Your Daily Walk: 365 Daily Devotions to Read Through the Bible in a Year
When you read while you wander, your destination may be a surprise.
In the desert Westward, beliefs that might elsewhere be considered inexplicable, idiosyncratic, and even indefensible is tolerated—sometimes even encouraged. But as my ten-twelvemonth-old girl, Hannah, becomes more concerned virtually what is normal and more worried about whether our family qualifies for that distinction, she barrages me with unanswerable questions.
Why do I correct baseball radio announcers who can't hear me and tell craven-crossing-the-route jokes to our hens? Why do I utilise fishing poles to fly kites? Why have I nicknamed my chain saw (Landshark) and my Weedwacker (Cujo)? And why, of course, do I so often wear no pants? Sometimes I wish my child would ask about something simple, like mortality, God, or where babies come from.
Recently, Hannah asked, "Dad, why do you read while y'all walk?"
Every year, I hike virtually one,300 miles around these desert wilds outside Reno, and I probably read my manner through 800 of them. I became a bibliopedestrian and so long ago that I've forgotten why I do information technology. But in search of an honest answer for Hannah, I've been excavating those reasons.
For starters, walking and reading are similar in many means. Both are forms of practise, one working out the body; the other, the listen. Both are excellent when pursued in solitude. Each gets us from one place to some other, and yet the primary purpose is always the journey rather than the destination. They overstate our sense of the world, expanding the territory and helping us to place ourselves within it. A adept book, like a good hike, takes u.s.a. away from domicile and into a series of surprises that ultimately gives the concept of home its meaning.
Reading and walking have another thing in common: Although most of us know how to do both of them, we seldom seem to do either. As Mark Twain put it, "The man who does not read has no advantage over the man who cannot read." Might we say the same about a person who has good for you legs but refuses to walk?
While Karl Marx made some perceptive pronouncements about the value of books, it was the wiser Marx, Groucho, who observed that "outside of a domestic dog, a book is a human'due south best friend. Inside of a domestic dog, it'due south too night to read." A volume, like a domestic dog, is good company, and I only don't cotton to heading out on a hike without taking both along with me. I also like the contrasts a carefully chosen volume tin can create with the mural through which I move. There's zippo similar being on the river with Twain or at sea with Melville or by the pond with Thoreau while I'm shuffling through the sagebrush and alkali grit. When it gets hot, I love Barry Lopez's Chill Dreams or Rick Bass'southward Winter. When it gets cold and windy, I become to the Hawaiian Islands in the poetry of W. S. Merwin.

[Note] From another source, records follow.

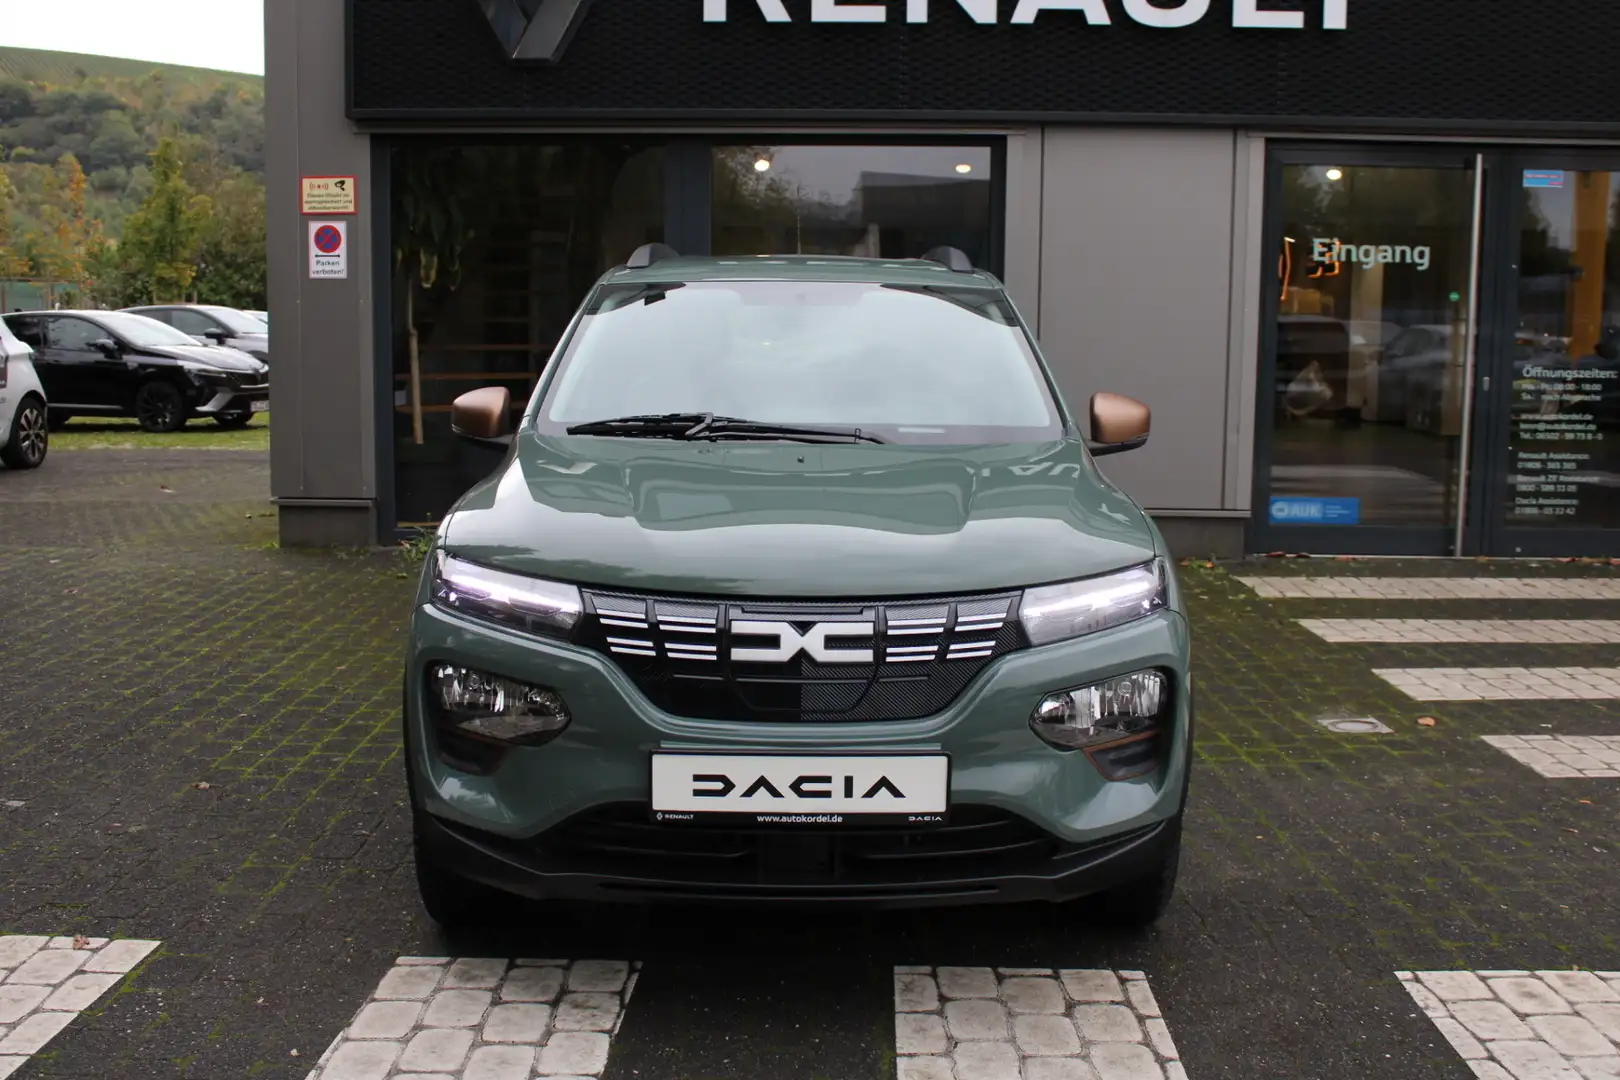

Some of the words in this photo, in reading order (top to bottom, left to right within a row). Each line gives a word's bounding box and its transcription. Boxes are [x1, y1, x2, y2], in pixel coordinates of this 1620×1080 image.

[1312, 238, 1431, 271] Eingang
[315, 259, 340, 267] Parken
[312, 268, 345, 276] verboten!
[1522, 364, 1618, 381] Öffnungszeiten:
[692, 773, 907, 799] DACIA
[664, 813, 694, 821] RENAULT
[756, 813, 843, 824] www.autokordel.de
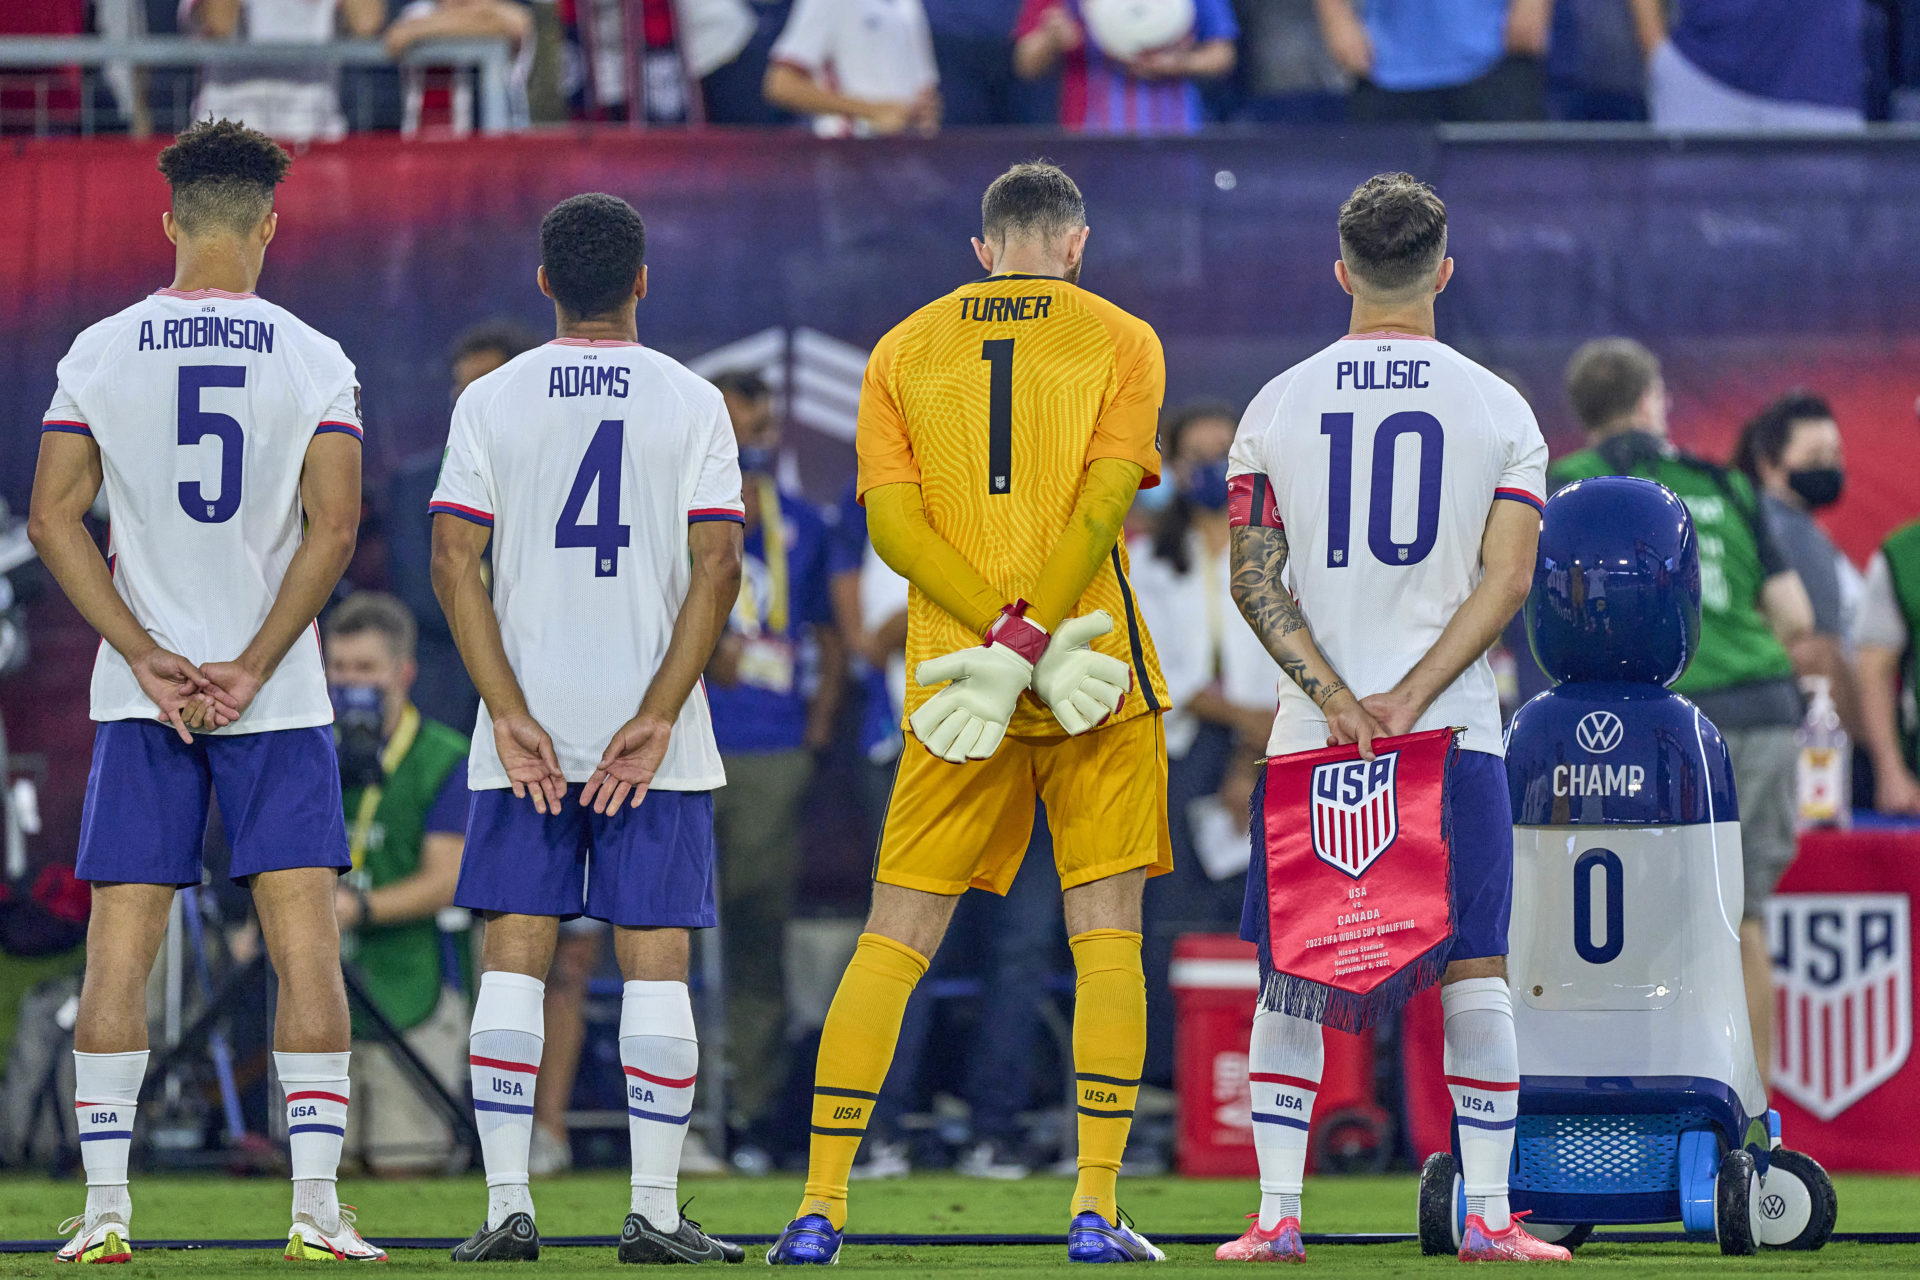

Even John Muir, who is surely amidst the most celebrated of walkers, packed books on the trail. Muir was also familiar with the "volume of nature," a trope known to many cultures, both aboriginal and modern. Liber naturae, the book of nature, is the thought that the natural world is a grade of sacred text and that the revelation of its meaning depends upon our willingness to read it carefully. Seen in this light, the world of the volume and the volume of the earth are intimately related.
Of class, I'm no Muir, and I'chiliad more than Groucho than Karl. And this is a wide-open up desert with a thou hazards. It is true that I have on a number of occasions read myself into trouble while on the hoof—stepping onto harvester ant mounds or into basis squirrel tunnels or invading the infinite of Great Basin rattlers. Simply most of the surprises that come from simultaneous reading and hiking are good ones because looking from the world to the page and dorsum over again becomes a game of peekaboo: Now you lot don't run into information technology, at present you do. One afternoon, I looked up from a book to see a pronghorn buck chiseled against a rocky ridgeline above me. That evening, equally it became too dark to see the page, I lifted my head to witness the thinnest possible crescent moon, in shut conjunction with Venus, floating to a higher place the superlative ridge of my home mount.
When we read a travel guidebook while walking in a city, or a natural history field guide in a forest, we are considered normal. It is understood that we need the volume to recognize and name the things of this world and to prevent ourselves from becoming lost within information technology. As I explained to Hannah, good writing plays the same orienting role: It can help the states discover where nosotros are and reveal why our connections to each other and to the earth we walk through every 24-hour interval are so precious in the get-go place.
Though Hannah insists that I'm "totally not like other dads," she seemed convinced past my reasoning. "Yeah, Dad, I can see that," she said. "Now, what about that no-pants matter?"